Your objective => Transcription task. Write out each entry verbatim and exclude any image.
***** Recorded information *****
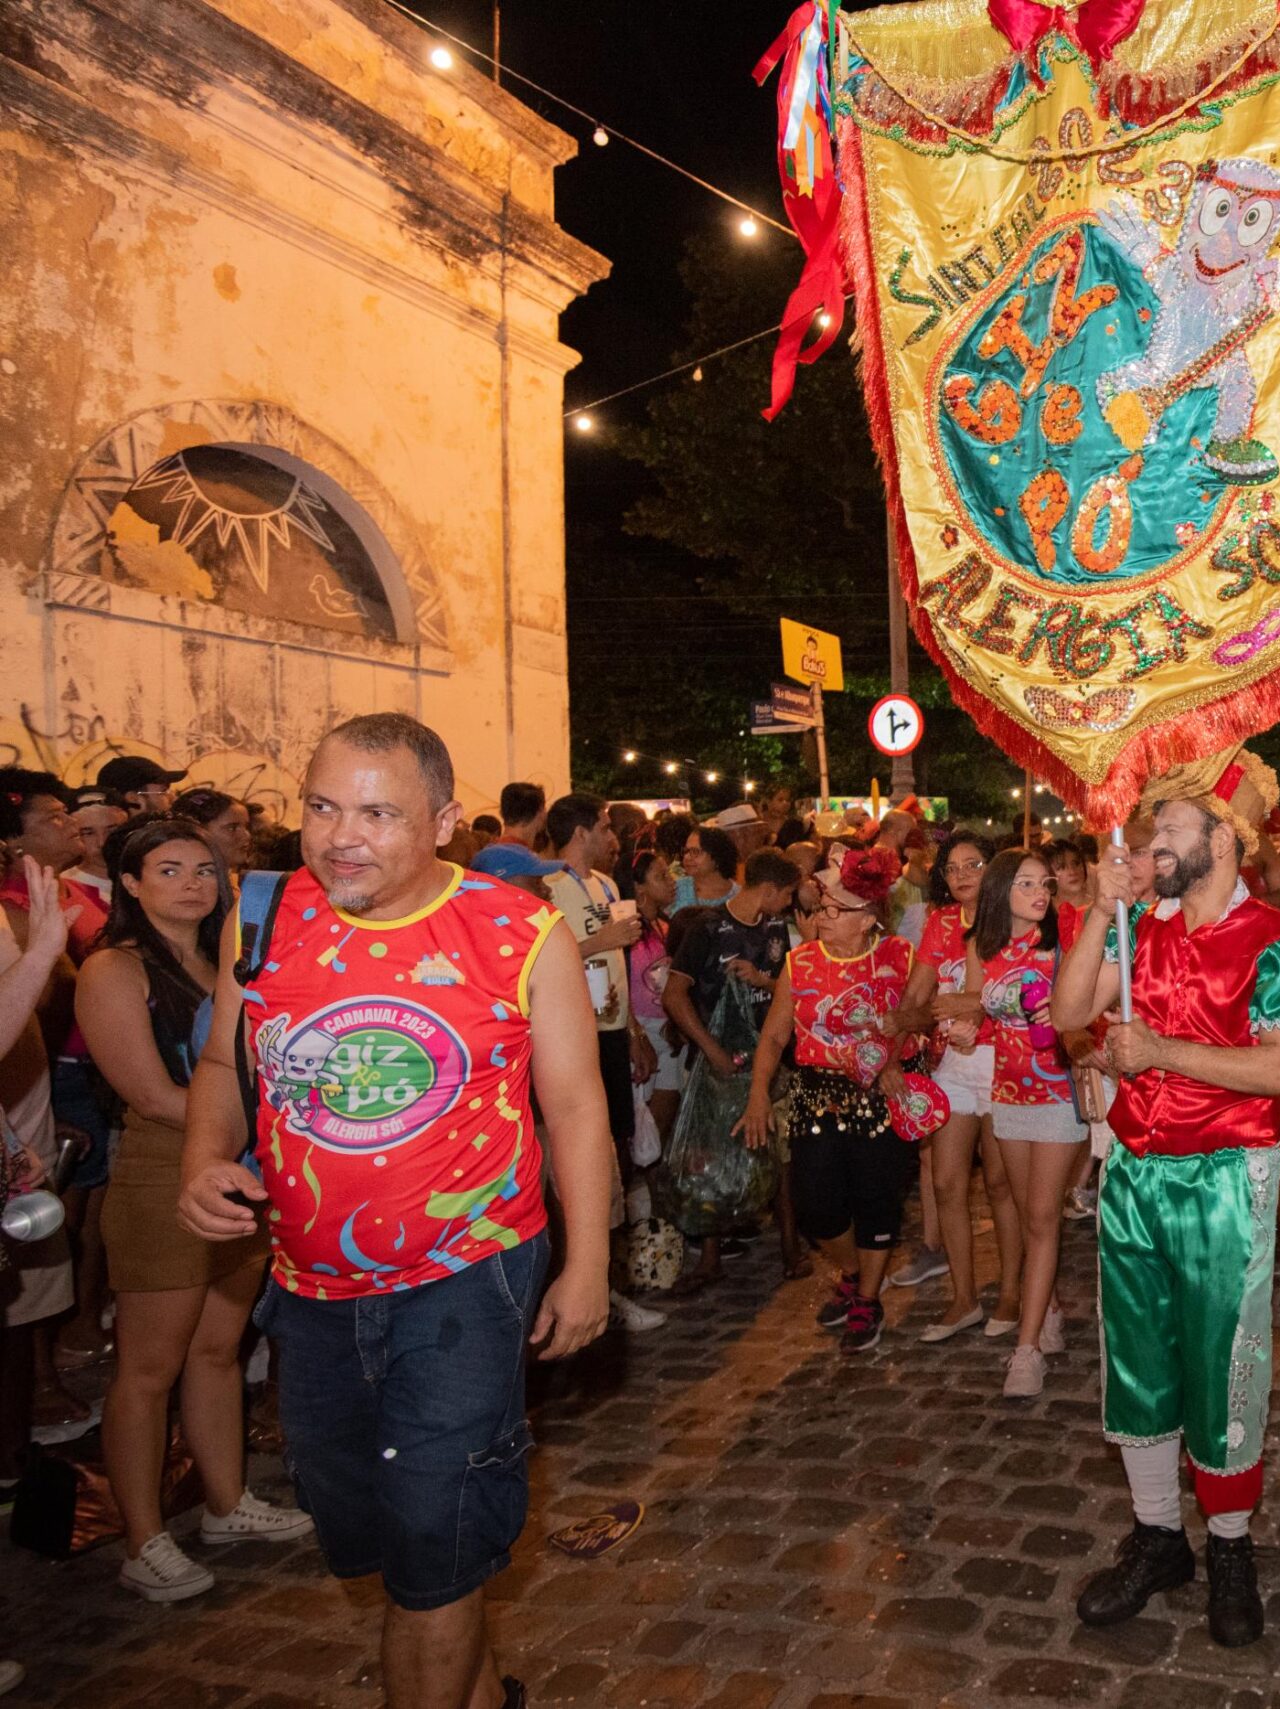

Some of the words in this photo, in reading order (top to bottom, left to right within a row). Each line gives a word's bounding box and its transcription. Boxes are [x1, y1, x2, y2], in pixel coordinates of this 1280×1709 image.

[1028, 107, 1195, 227] 2023
[886, 193, 1047, 350] SINTEAL
[323, 1008, 398, 1034] CARNAVAL
[398, 1012, 436, 1040] 2023
[328, 1035, 409, 1074] giz
[347, 1078, 418, 1112] pó
[322, 1117, 377, 1140] ALERGIA
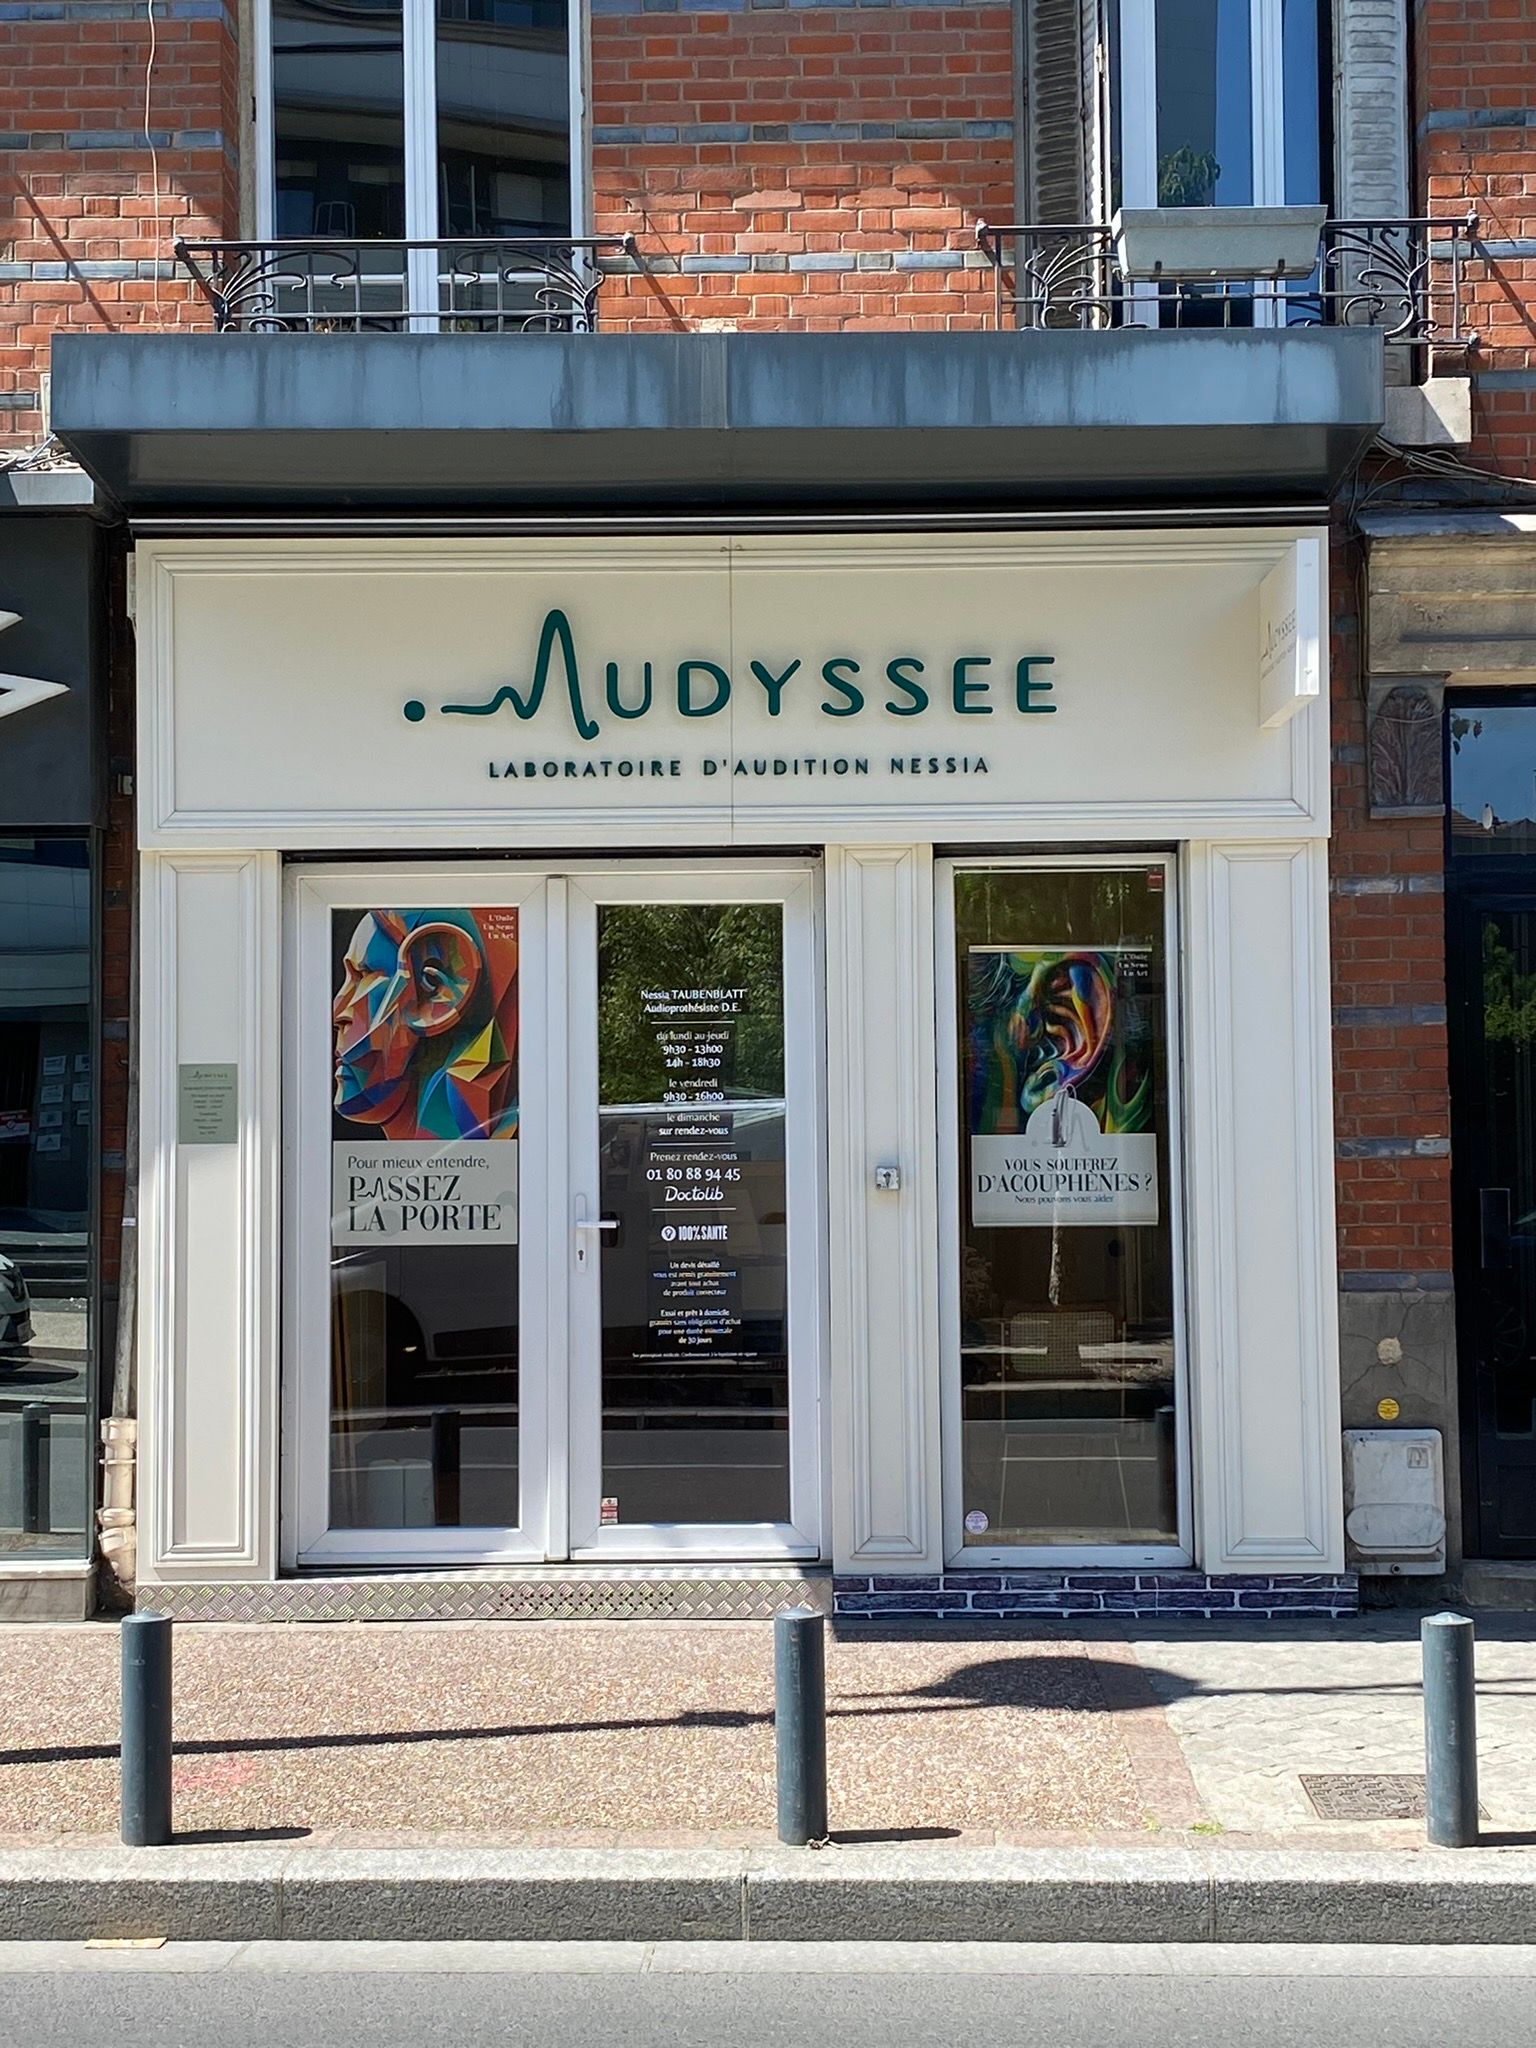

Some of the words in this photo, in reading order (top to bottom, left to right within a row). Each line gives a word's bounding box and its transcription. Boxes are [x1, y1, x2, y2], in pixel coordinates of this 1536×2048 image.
*****
Written solution =>
Some of the words in this photo, in reading order (top to bottom, left to right within a row). Each line gives a word's bounding box and its transcription. Boxes are [x1, y1, x2, y2], in pixel coordinates of this 1280×1709 image.

[1028, 107, 1195, 227] 2023
[886, 193, 1047, 350] SINTEAL
[323, 1008, 398, 1034] CARNAVAL
[398, 1012, 436, 1040] 2023
[328, 1035, 409, 1074] giz
[347, 1078, 418, 1112] pó
[322, 1117, 377, 1140] ALERGIA

Some of the words in this photo, in reading order (top to bottom, left to right within a row). Each line gives a word's bounding box and its transcription. Boxes are [x1, y1, x2, y2], in pixel coordinates of this 1536×2048 image.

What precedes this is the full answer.